P.
John Chandy and Company (P) Ltd. Vs. John P. Thomas [2002] Insc 230 (29 April 2002)
D.P.
Mohhapatra & Brijesh Kumar Brijesh Kumar, J.
Leave
granted.
The
appellant in this appeal has impugned the judgment and order dated 26.6.2001
passed by the Kerala high Court, allowing the civil revision preferred by the
respondent-landlord, setting aside the appellate order and holding that the
Rent Controller was justified in passing an order of eviction of the
tenant-appellant under Section 11 (4) (i) of the Kerala Buildings (Lease And
Rent Control) Act 1965.
The
facts which do not admit of dispute are that the accommodation in question
originally belonged to the grand father of the present respondent, who died in
the year 1953. It came down to the father of the respondent who also died some
time 1976. The property ultimately came to the respondent. In the year 1949 Shri
P. George, grand father of the respondent rented out the premises to the
appellant-company which was sub-let to different sub- tenants from time to time.

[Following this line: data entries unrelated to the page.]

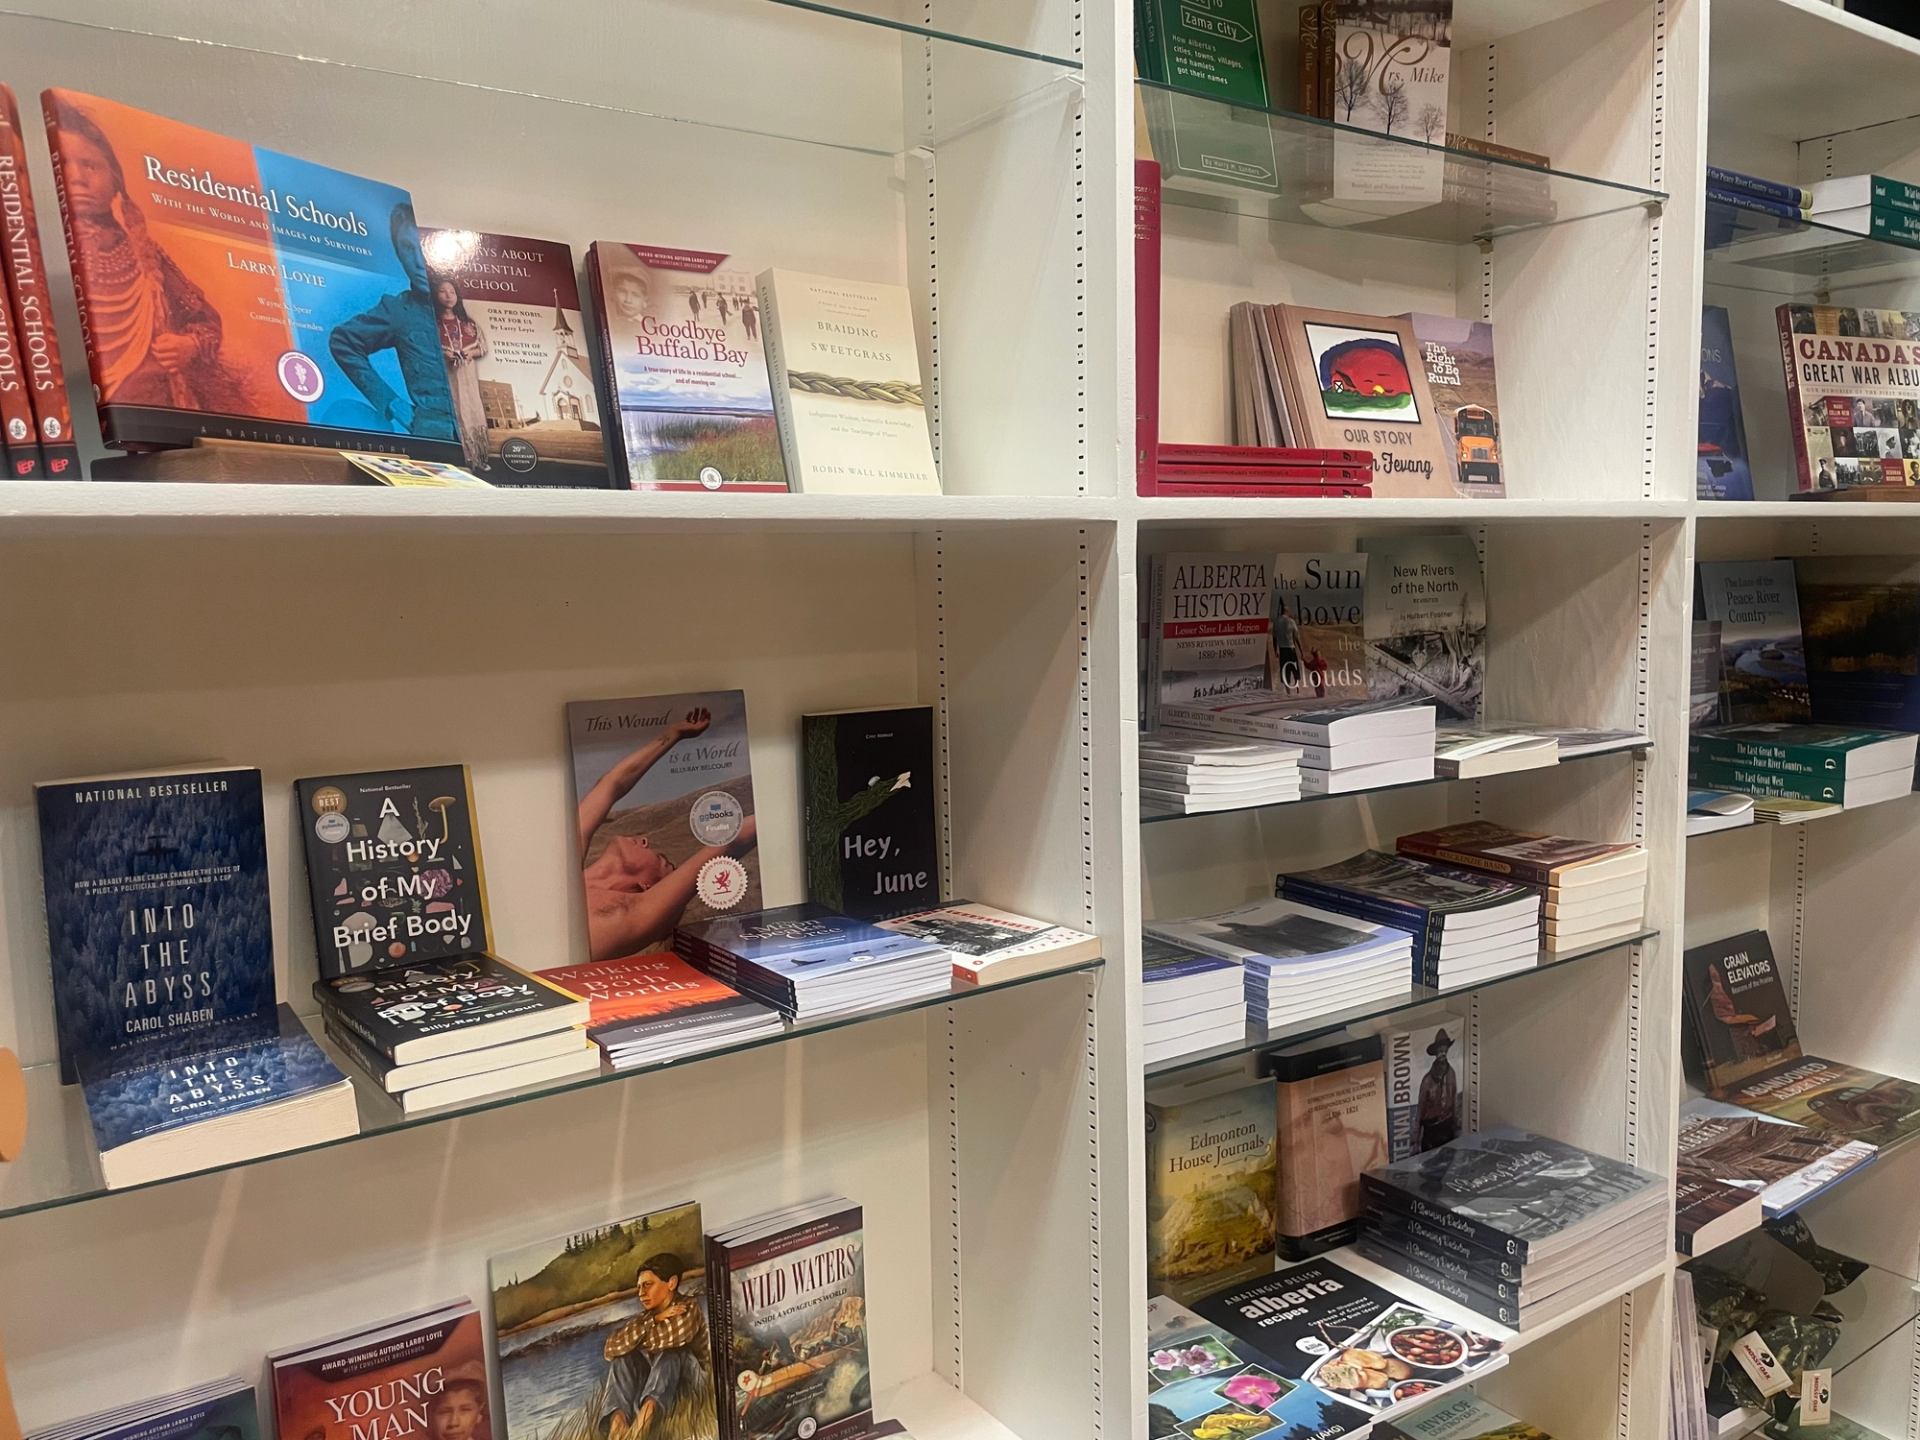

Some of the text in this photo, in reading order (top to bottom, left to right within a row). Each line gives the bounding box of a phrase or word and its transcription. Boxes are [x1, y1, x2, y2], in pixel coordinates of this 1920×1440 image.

[1186, 12, 1238, 39] Zama City
[1175, 56, 1215, 71] and hamlets
[1217, 56, 1243, 69] villages,
[1177, 66, 1228, 84] got their names
[1410, 67, 1445, 84] Mike
[144, 155, 368, 237] Residential Schools
[501, 249, 545, 263] ABOUT
[0, 155, 54, 391] RESIDENTIAL SCHOOLS
[464, 279, 518, 293] SCHOOL
[636, 315, 749, 368] Goodbye Buffalo Bay
[817, 321, 879, 339] BRAIDING
[812, 342, 892, 362] SWEETGRASS
[1425, 342, 1447, 354] The
[1426, 351, 1456, 367] Right
[1800, 338, 1920, 366] CANADA'S
[696, 370, 721, 379] residential
[1428, 372, 1461, 386] Rural
[1433, 363, 1459, 376] to Be
[1803, 362, 1881, 385] GREAT WAR
[691, 379, 709, 387] moving
[226, 428, 318, 448] NATIONAL
[1343, 429, 1413, 446] OUR STORY
[812, 465, 928, 480] ROBIN WALL KIMMERER
[1380, 452, 1433, 479] Fevang
[1172, 563, 1266, 590] ALBERTA
[1274, 559, 1360, 590] the Sun
[1393, 564, 1455, 578] New Rivers
[1391, 580, 1459, 594] of the North
[1727, 590, 1780, 605] Peace River
[1173, 592, 1266, 618] HISTORY
[1276, 594, 1361, 626] Above
[1728, 609, 1767, 625] Country
[1175, 622, 1260, 635] Lesser Slave Lake Region
[1338, 636, 1361, 651] the
[1281, 659, 1363, 689] Clouds
[585, 708, 672, 732] This Wound
[669, 741, 740, 764] is a World
[1747, 744, 1786, 758] Last Great West
[1767, 758, 1781, 769] River
[1782, 760, 1802, 774] Country
[75, 780, 229, 804] NATIONAL BESTSELLER
[360, 785, 384, 793] National
[1771, 775, 1784, 787] West
[318, 798, 340, 807] BEST
[379, 797, 400, 819] A
[346, 838, 441, 863] History
[844, 835, 900, 860] Hey,
[75, 866, 231, 889] HOW DEADLY PLANE CRASH CHANGED THE LIVES
[1483, 860, 1507, 873] BASIN
[167, 878, 197, 888] CRIMINAL
[361, 874, 437, 902] of My
[873, 870, 929, 895] June
[130, 903, 195, 936] INTO
[333, 909, 472, 949] Brief Body
[785, 926, 844, 940] Cree
[141, 939, 190, 970] THE
[1723, 952, 1749, 969] GRAIN
[374, 970, 474, 995] History
[547, 959, 670, 983] Walking
[581, 974, 667, 992] Both
[1727, 960, 1770, 984] ELEVATORS
[125, 971, 212, 1008] ABYSS
[377, 983, 530, 1020] Brief Body
[401, 981, 482, 1002] of My
[584, 980, 703, 1003] Worlds
[126, 1008, 215, 1033] CAROL SHABEN
[420, 1002, 544, 1033] Billy-Ray Belcourt
[169, 1057, 239, 1080] INTO
[184, 1070, 239, 1088] THE
[1393, 1033, 1411, 1105] BROWN
[1741, 1062, 1828, 1098] ABANDONED
[169, 1075, 265, 1105] ABYSS
[171, 1087, 272, 1113] CAROL SHABEN
[1189, 1121, 1256, 1151] Edmonton
[1169, 1136, 1265, 1173] House Journals
[741, 1244, 857, 1315] WILD WATERS
[1224, 1269, 1322, 1306] AMAZINGLY DELISH
[754, 1314, 777, 1327] INSIDE
[823, 1287, 847, 1302] WORLD
[1239, 1275, 1345, 1321] alberta
[1256, 1306, 1310, 1330] recipes
[321, 1330, 443, 1371] AWARD-WINNING AUTHOR LARRY LOYIE
[1743, 1344, 1771, 1381] MOSSY OAK
[325, 1366, 446, 1424] YOUNG
[172, 1417, 189, 1427] LARRY
[350, 1402, 429, 1440] MAN
[1415, 1400, 1471, 1433] RIVER OF

The respondent gave notice to the appellant on 17.11.1981 to terminate the
sub-lease arrangements but the tenant failed to comply with the notice.
Ultimately John P. Thomas-respondent filed RCP No.16 of 1982 in the Court of
Rent Controller. Kottayam.
The
eviction was sought on the ground that the appellant- tenant had transferred
his rights creating sub-leases in favour of several persons without the consent
of the landlord. One of the sub-tenants had even been running a printing press
in the premises whereas according to the case of the landlord the premises were
let out to the appellant for its use as an office and godown. The petition was
contested but the fact of sub-letting was not denied. On the other hand, it was
pleaded that one sub- lease was created initially in 1949 itself when the
premises were taken by the appellant on rent which fact was within the
knowledge of the grand father and the father of the respondent as well as that
of the present respondent. Admittedly, a few more sub-leases were created in
1970s. Nobody ever objected to the same. It could thus well be presumed that
the landlord had consented to the sub-letting which was within their knowledge.

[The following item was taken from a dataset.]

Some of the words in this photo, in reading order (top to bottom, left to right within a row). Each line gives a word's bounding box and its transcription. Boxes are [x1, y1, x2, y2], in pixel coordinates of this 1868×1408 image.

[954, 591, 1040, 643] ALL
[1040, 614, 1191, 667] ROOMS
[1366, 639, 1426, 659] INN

There does not seem to be any document of lease. The appellant also produced
one CPW2 in evidence who had been one of the Directors of the appellant Co. from 1946 to 1960. According to him negotiations of
rental arrangement took place in his presence and the arrangement of letting
included sub- letting as well.
The
Rent Controller on consideration of the evidence adduced by the parties as well
as other material on the record came to the conclusion that there has not been
any positive conferment of right upon the appellant to sub-let or transfer the
rights under the lease.
While
appreciating the evidence the trial court observed that in so far the evidence
of CPW2 is concerned, in cross-examination he has stated that there was no
document of lease and had no knowledge whether any decision was taken by the
Board of Directors of the Company in regard to the tenancy or the terms
thereof.
He
also stated that terms of rental arrangement were not discussed and there was
no evidence on record which may have been kept in the records of the company
regarding the same nor he remembered what happened in 1949. The trial court
considering other parts of his statement as well found that his evidence was
unworthy of credence and that of an interested person and observed
"therefore I dis-believe CPW2 and render his evidence as unreliable".

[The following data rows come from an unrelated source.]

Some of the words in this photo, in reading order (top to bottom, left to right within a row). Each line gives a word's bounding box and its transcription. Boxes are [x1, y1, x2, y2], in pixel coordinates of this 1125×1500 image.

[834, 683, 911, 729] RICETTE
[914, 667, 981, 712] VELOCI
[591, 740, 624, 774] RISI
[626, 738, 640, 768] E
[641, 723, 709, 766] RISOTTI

The petition thus filed by the respondent landlord was allowed holding that
there was no consent of the landlord for sub-tenancies created by the
appellant.
The
tenant filed an appeal before the Rent Control Appellate Authority, Kottayam.
The appeal was allowed by order dated February 21, 1992. The appellate court recorded a
finding to the effect "in the absence of any evidence either oral or
documentary the terms of tenancy have to be gathered from the long course of
conduct of the parties ever since commencement of the tenancy in 1949".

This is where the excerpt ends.